Anglo-South African financial services firm Old Mutual and Nigeria’s sovereign wealth fund on Friday (August 12) signed agreements to set up two funds to invest in real estate and agriculture in Africa’s most populous nation.

Old Mutual and Nigeria Sovereign Investment Authority (NSIA) said they would jointly raise a 500 million U.S. dollars fund to invest in real estate and another 200 million U.S. dollars to spend on agriculture projects in Nigeria.

The West African nation is in the middle of its worst crisis in decades as a slump in oil revenues hammers public finances and the naira. Gross domestic product shrank in the first quarter and the central bank governor has said a recession is likely.

Chief executive of NSIA, Uche Orji, said both parties will each commit 100 million U.S. dollars as initial commitment for the real estate fund and 50 million U.S. dollars for the agriculture fund.

“We are looking at office towers as well and we are also looking at obviously both hospitality and residential but at the moment the focus is commercial real estate and logistics will be one of those key areas that we will be looking at, offices will be another key area we will be looking at. For agriculture it is equity that we are investing and there are several,” Orji said.

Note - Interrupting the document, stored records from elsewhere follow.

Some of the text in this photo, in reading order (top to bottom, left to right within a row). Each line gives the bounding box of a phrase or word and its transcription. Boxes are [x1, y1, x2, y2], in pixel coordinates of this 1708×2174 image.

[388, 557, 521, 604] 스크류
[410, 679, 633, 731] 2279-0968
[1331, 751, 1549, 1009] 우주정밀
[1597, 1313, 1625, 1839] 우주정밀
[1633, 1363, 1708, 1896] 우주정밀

Poor infrastructure and access to capital is a major bottleneck to growth in Nigeria, which has made diversifying its revenue base and reducing a huge import bill its top priority.

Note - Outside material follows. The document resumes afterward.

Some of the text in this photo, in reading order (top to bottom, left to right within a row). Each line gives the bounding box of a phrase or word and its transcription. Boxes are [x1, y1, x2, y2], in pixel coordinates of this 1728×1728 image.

“Until you can move goods from the farm to where they are being sold efficiently we would not be able to be competitive so we have got to put the enabling infrastructure in place, our fields are as fertile and as good as anybody else’s anywhere in the world the problem is that it is cheaper to move goods from China to Lagos than move it from Kano to Lagos and that’s because we don’t have the infrastructure so we have got to get our rail moving and then we can begin to really scale up on the direct primary agriculture,” Finance Minister Kemi Adeosun said.

Nigeria established the Sovereign Investment Authority (SIA) in 2011 with 1 billion U.S. dollars of seed capital in an effort to manage oil export revenues.

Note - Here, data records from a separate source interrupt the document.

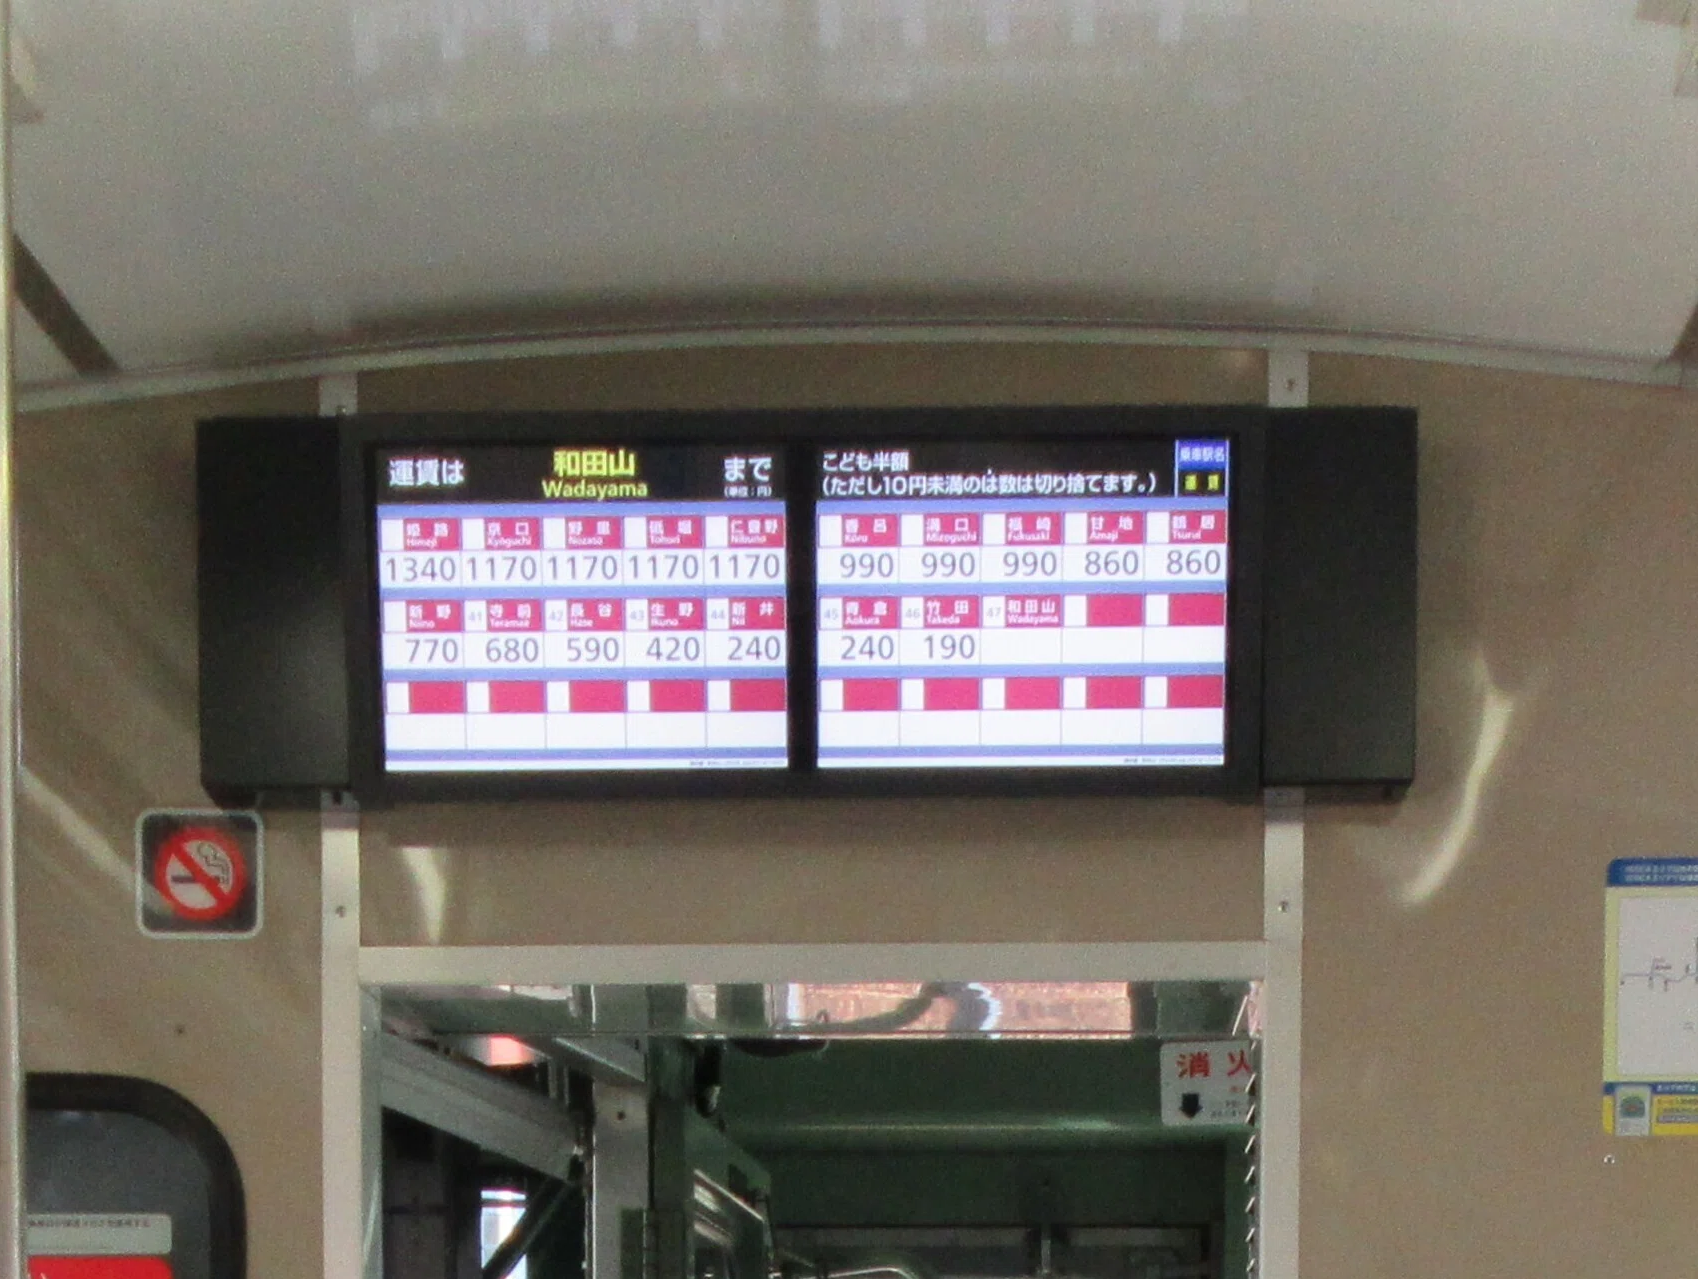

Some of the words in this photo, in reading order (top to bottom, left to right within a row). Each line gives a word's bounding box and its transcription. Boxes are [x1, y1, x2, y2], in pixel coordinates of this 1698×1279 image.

[389, 459, 465, 486] 運賃は
[554, 449, 636, 476] 和田山
[724, 456, 772, 482] まで
[823, 451, 909, 472] こども半額
[541, 480, 649, 501] Wadayama
[488, 521, 529, 536] 京口
[569, 520, 610, 536] 野里
[1091, 515, 1133, 531] 甘地
[406, 537, 438, 548] Himeji
[926, 531, 976, 544] Mizoguchi
[1007, 531, 1049, 541] Fukusaki
[1089, 530, 1118, 542] Amaji
[386, 556, 456, 582] 1340
[467, 555, 537, 581] 1170
[548, 555, 618, 580] 1170
[629, 554, 699, 580] 1170
[710, 553, 780, 579] 1170
[840, 552, 894, 578] 990
[921, 552, 975, 578] 990
[1003, 551, 1057, 577] 990
[1085, 550, 1139, 576] 860
[1166, 549, 1221, 575] 860
[408, 603, 451, 620] 新野
[490, 603, 531, 619] 寺前
[571, 602, 612, 618] 長谷
[651, 602, 694, 617] 生野
[732, 601, 774, 617] 新井
[823, 608, 838, 620] 45
[905, 608, 920, 620] 46
[927, 600, 969, 616] 竹田
[986, 607, 1001, 619] 47
[1008, 599, 1055, 614] 和田山
[490, 618, 530, 628] Teramae
[570, 618, 593, 627] Hase
[710, 609, 725, 621] 44
[845, 615, 880, 625] Aokura
[926, 615, 960, 624] Takeda
[1007, 613, 1059, 624] Wadayama
[405, 638, 459, 663] 770
[485, 637, 539, 663] 680
[567, 637, 619, 662] 590
[646, 636, 701, 661] 420
[727, 635, 781, 661] 240
[841, 635, 894, 660] 240
[925, 634, 975, 659] 190
[1176, 1048, 1253, 1079] 消火
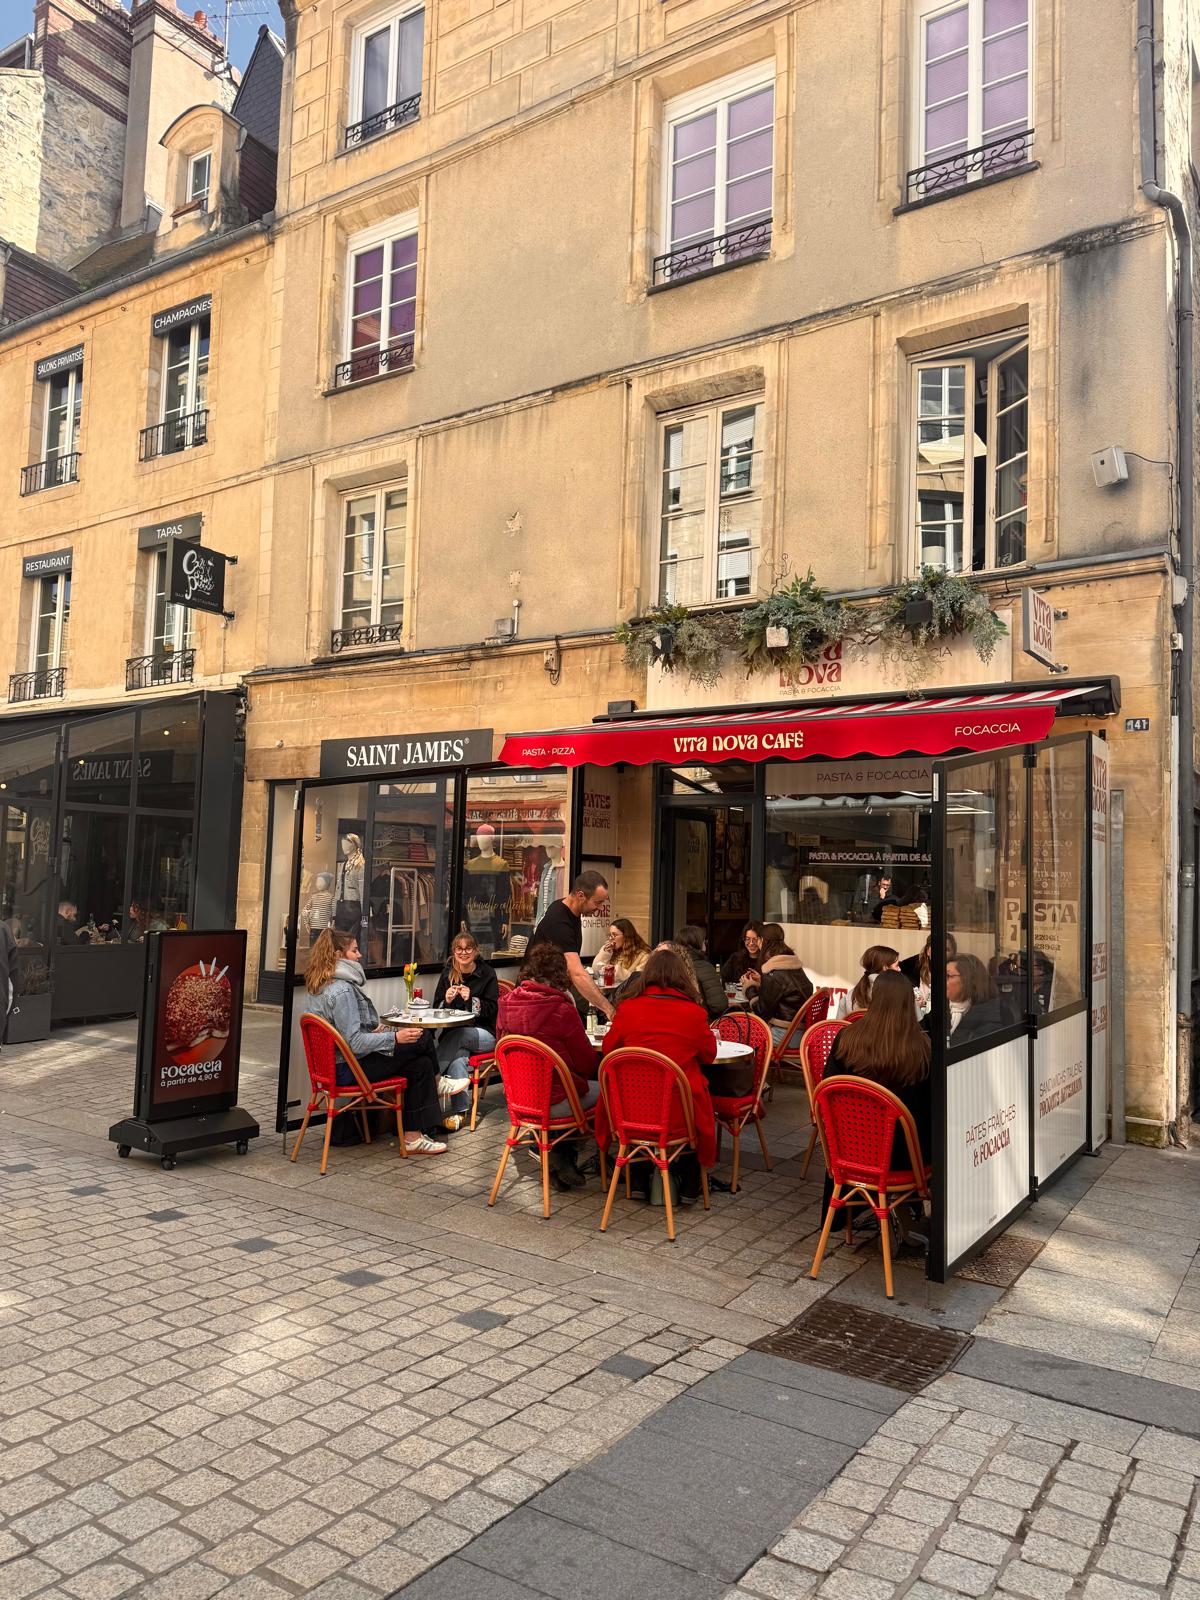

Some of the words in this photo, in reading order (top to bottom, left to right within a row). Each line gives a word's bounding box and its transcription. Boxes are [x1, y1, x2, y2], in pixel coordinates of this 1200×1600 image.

[154, 299, 212, 329] CHAMPAGNES
[37, 359, 58, 375] SALONS
[156, 524, 183, 539] TAPAS
[25, 555, 71, 572] RESTAURANT
[954, 722, 1021, 737] FOCACCIA
[761, 730, 804, 750] CAFÉ
[346, 743, 400, 768] SAINT
[522, 747, 546, 757] PASTA
[551, 746, 576, 756] PIZZA
[816, 772, 853, 783] PASTA
[855, 771, 864, 781] &
[867, 769, 929, 781] FOCACCIA
[583, 790, 611, 809] PÂTES
[808, 852, 830, 860] PASTA
[837, 852, 875, 861] FOCACCIA
[909, 853, 920, 862] DE
[1006, 901, 1078, 924] PSTA
[582, 918, 611, 929] ONHEUR
[166, 1077, 187, 1088] partir
[198, 1073, 213, 1082] 4,90
[966, 1121, 987, 1148] PÂTES
[973, 1148, 979, 1168] &
[980, 1127, 1011, 1164] FOCACCIA

The new funds, which will stay invested for up to 12-years, will target returns of around 20 percent, Hywel George, chief investment officer at Old Mutual said.

A successful real estate investment in Nigeria can earn an returns as high as 30-35 percent, while rental income yields in cities such as Lagos and Abuja can easily reach 10 percent, developers and estate agents say.

However, navigating through opaque land laws, corruption, a lack of development expertise and financing, a dearth of mortgages and high building costs will take courage and influential local partners.